**ASSIGNMENT**
Pictures aside, can you reproduce the records word for word?

**PROVIDED RECORDS**
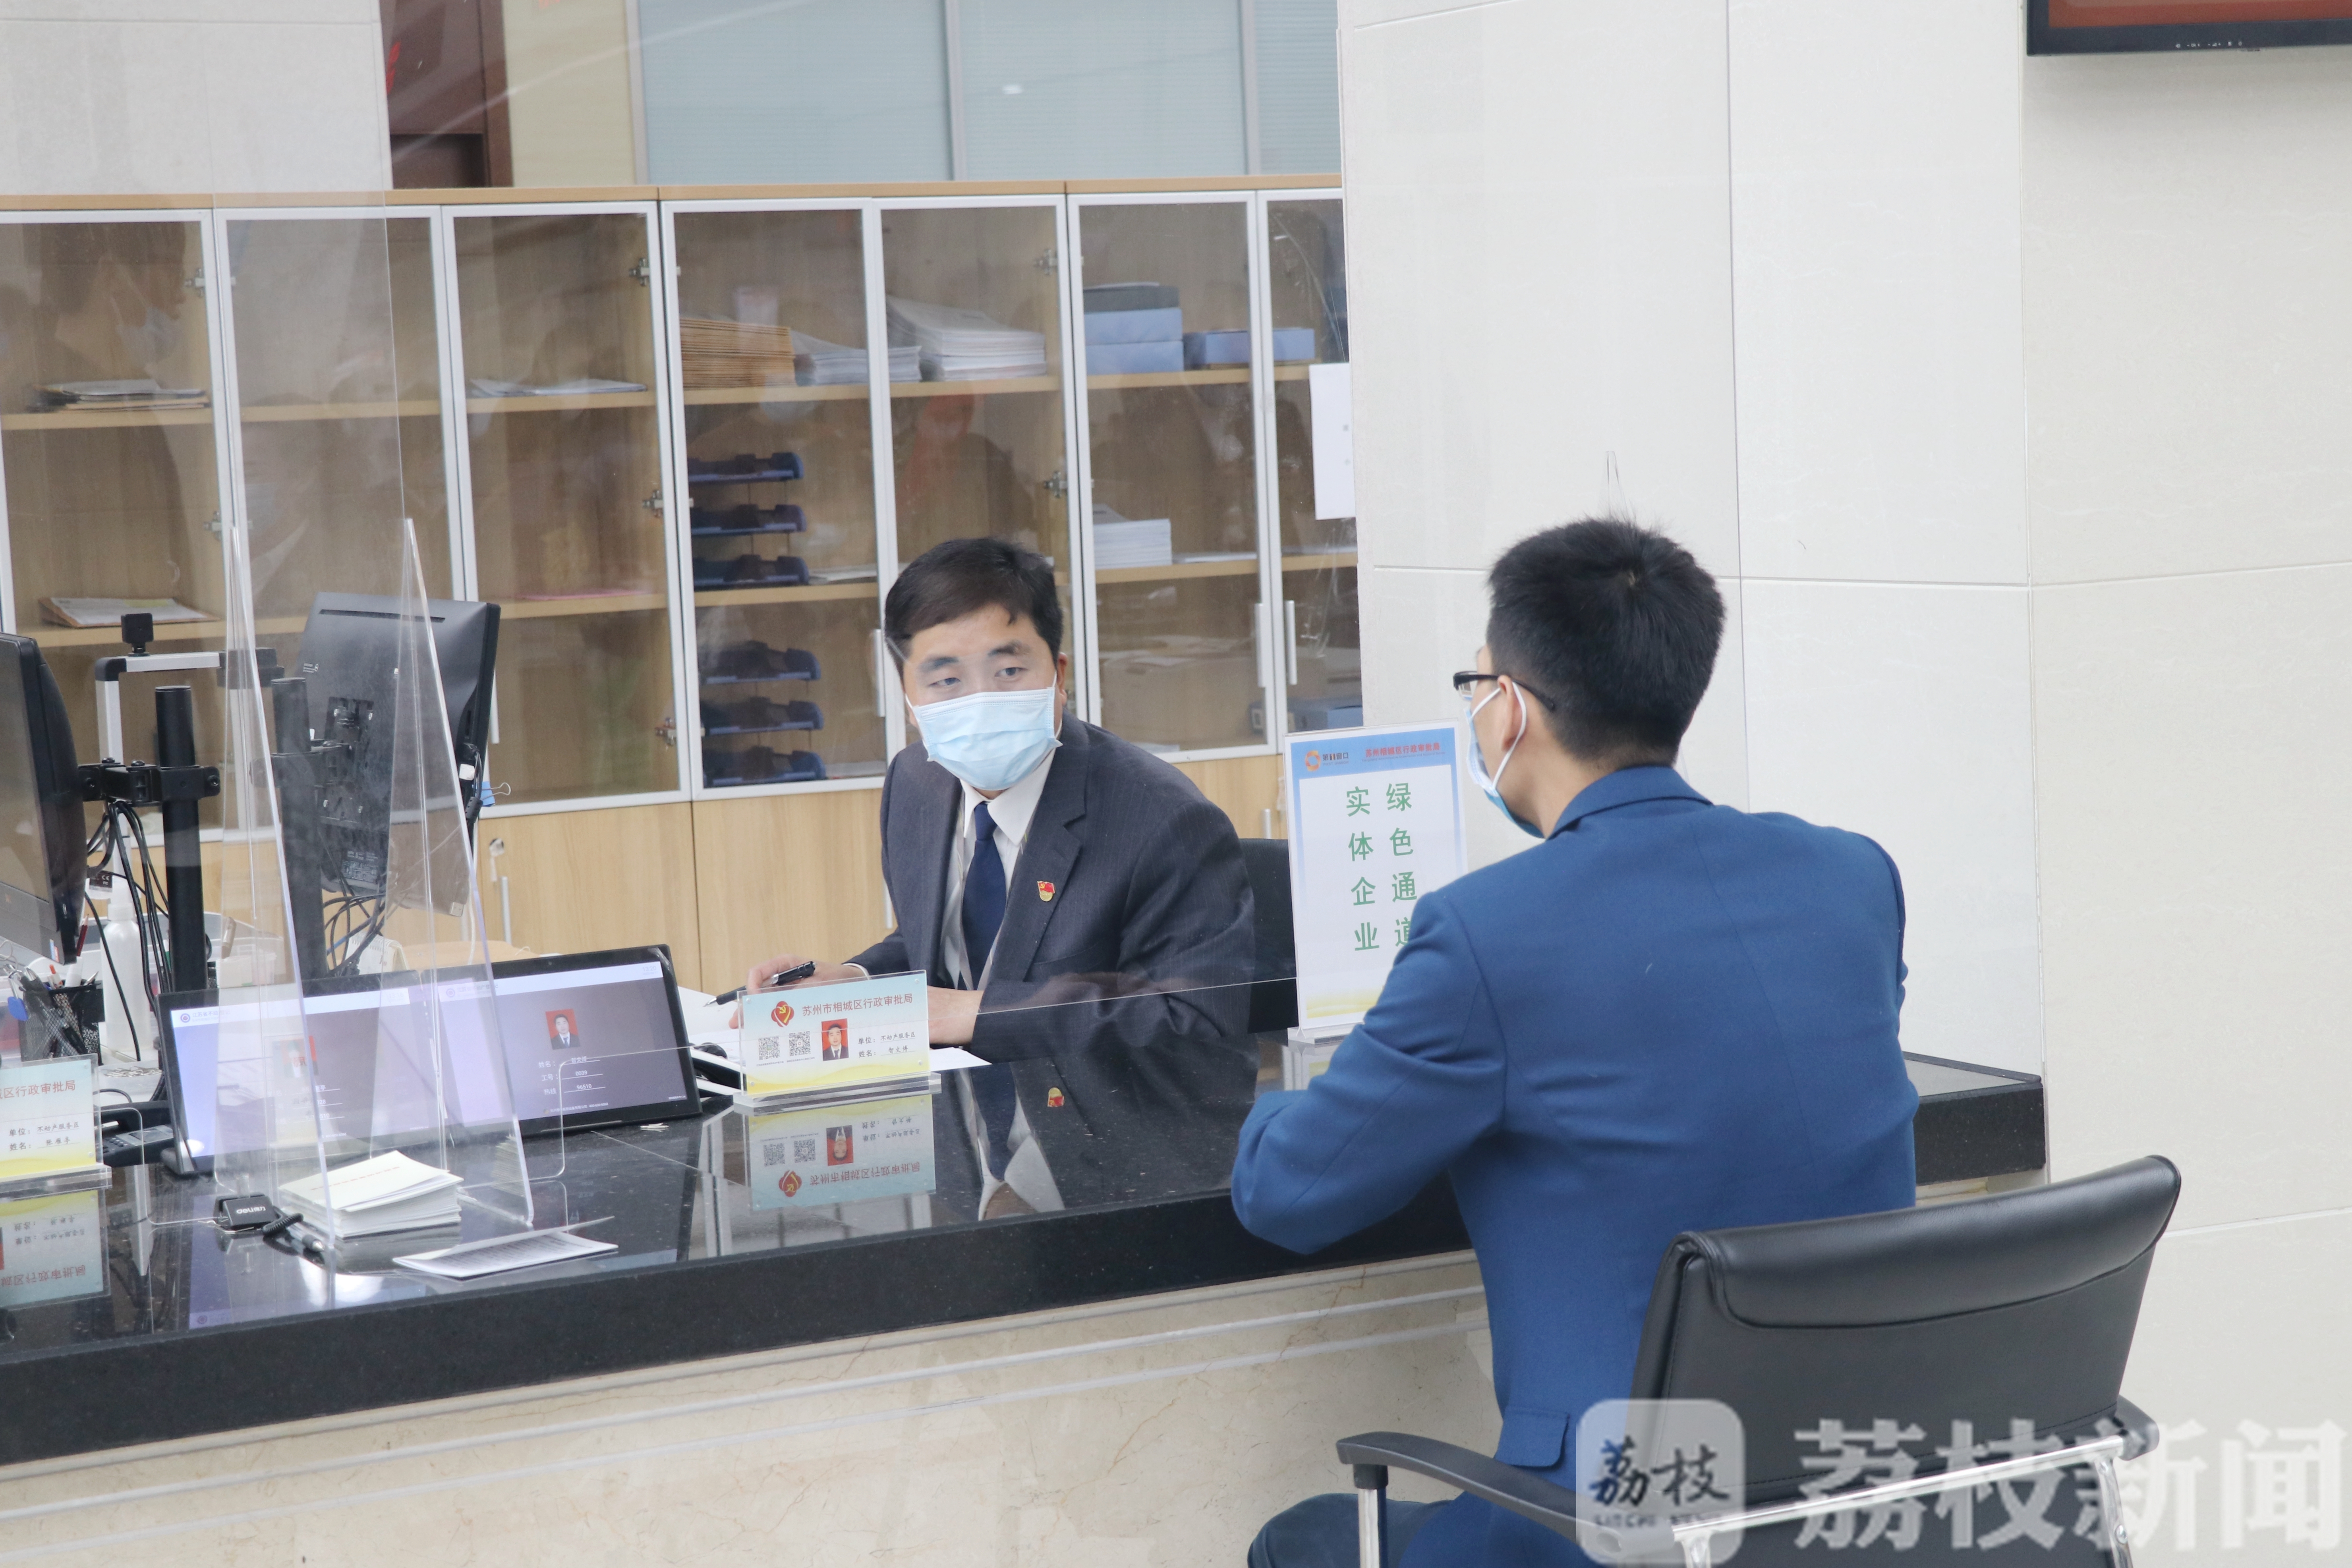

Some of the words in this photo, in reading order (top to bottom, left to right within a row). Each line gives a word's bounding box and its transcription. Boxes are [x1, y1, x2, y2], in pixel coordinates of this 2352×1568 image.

[1365, 742, 1440, 757] 苏州相城区行政审批局
[1346, 786, 1380, 951] 实体企业
[802, 993, 913, 1016] 苏州市相城区行政审批局
[881, 1031, 916, 1041] 不动产服务区
[888, 1045, 908, 1054] 智文博
[0, 1080, 76, 1099] 区行政审批局
[37, 1122, 79, 1132] 不动产服务区
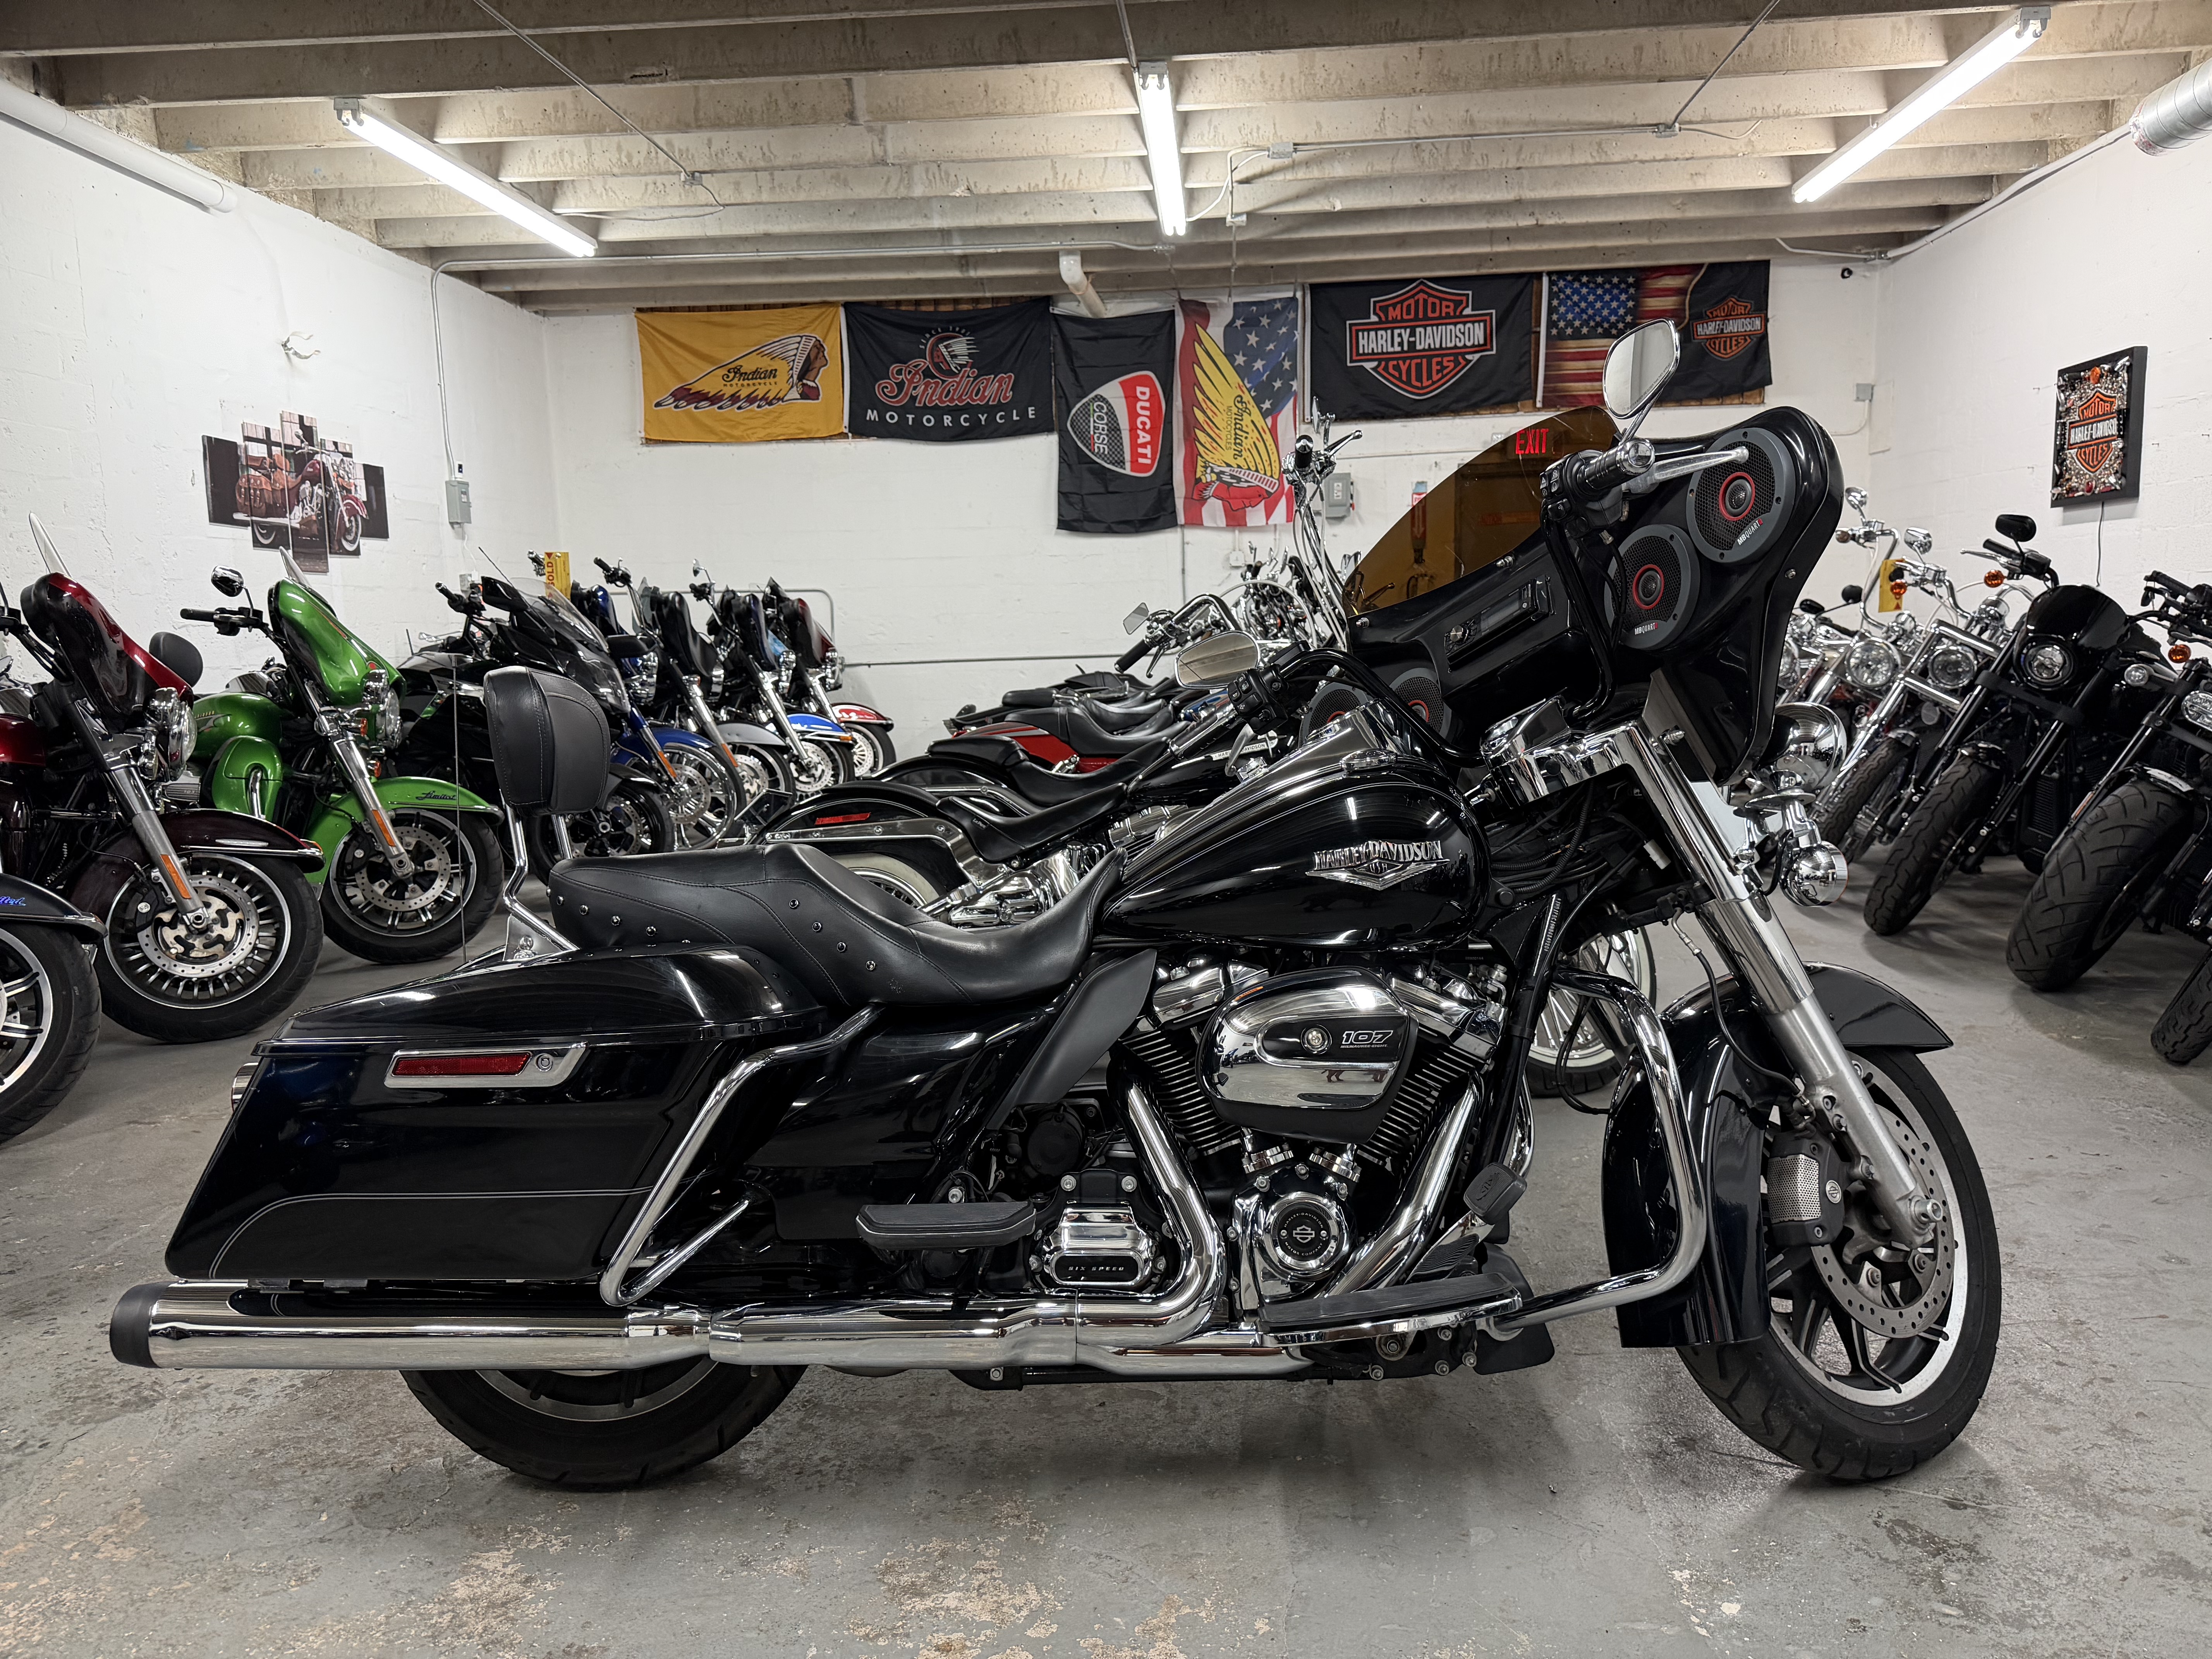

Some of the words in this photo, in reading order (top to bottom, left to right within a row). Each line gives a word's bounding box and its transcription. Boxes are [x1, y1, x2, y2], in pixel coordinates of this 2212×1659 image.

[1388, 292, 1455, 321] MOTOR
[1713, 302, 1745, 317] MOTOR
[919, 328, 941, 349] SINCE
[1358, 322, 1484, 354] HARLEY-DAVIDSON
[1711, 337, 1745, 354] CYCLES
[722, 365, 778, 383] Indian
[875, 359, 1014, 407] Indian
[1388, 356, 1455, 387] CYCLES
[866, 407, 1036, 427] MOTORCYCLE
[2084, 398, 2111, 419] MOTOR
[1094, 402, 1108, 454] CORSE
[1136, 386, 1152, 464] DUCATI
[1233, 394, 1251, 460] Indian
[1516, 428, 1549, 454] EXIT
[2081, 443, 2108, 466] CYCLES
[546, 562, 555, 589] SOLD
[1313, 840, 1443, 870] HARLEY-DAVIDSON
[1342, 1030, 1393, 1044] 107
[1285, 1242, 1299, 1255] MOTOR
[1302, 1243, 1322, 1256] COMPANY

**EXERCISE ANSWER**
Some of the words in this photo, in reading order (top to bottom, left to right within a row). Each line gives a word's bounding box and its transcription. Boxes are [x1, y1, x2, y2], in pixel coordinates of this 2352×1568 image.

[1365, 742, 1440, 757] 苏州相城区行政审批局
[1346, 786, 1380, 951] 实体企业
[802, 993, 913, 1016] 苏州市相城区行政审批局
[881, 1031, 916, 1041] 不动产服务区
[888, 1045, 908, 1054] 智文博
[0, 1080, 76, 1099] 区行政审批局
[37, 1122, 79, 1132] 不动产服务区

Some of the words in this photo, in reading order (top to bottom, left to right within a row). Each line gives a word's bounding box and its transcription. Boxes are [x1, y1, x2, y2], in pixel coordinates of this 2212×1659 image.

[1388, 292, 1455, 321] MOTOR
[1713, 302, 1745, 317] MOTOR
[919, 328, 941, 349] SINCE
[1358, 322, 1484, 354] HARLEY-DAVIDSON
[1711, 337, 1745, 354] CYCLES
[722, 365, 778, 383] Indian
[875, 359, 1014, 407] Indian
[1388, 356, 1455, 387] CYCLES
[866, 407, 1036, 427] MOTORCYCLE
[2084, 398, 2111, 419] MOTOR
[1094, 402, 1108, 454] CORSE
[1136, 386, 1152, 464] DUCATI
[1233, 394, 1251, 460] Indian
[1516, 428, 1549, 454] EXIT
[2081, 443, 2108, 466] CYCLES
[546, 562, 555, 589] SOLD
[1313, 840, 1443, 870] HARLEY-DAVIDSON
[1342, 1030, 1393, 1044] 107
[1285, 1242, 1299, 1255] MOTOR
[1302, 1243, 1322, 1256] COMPANY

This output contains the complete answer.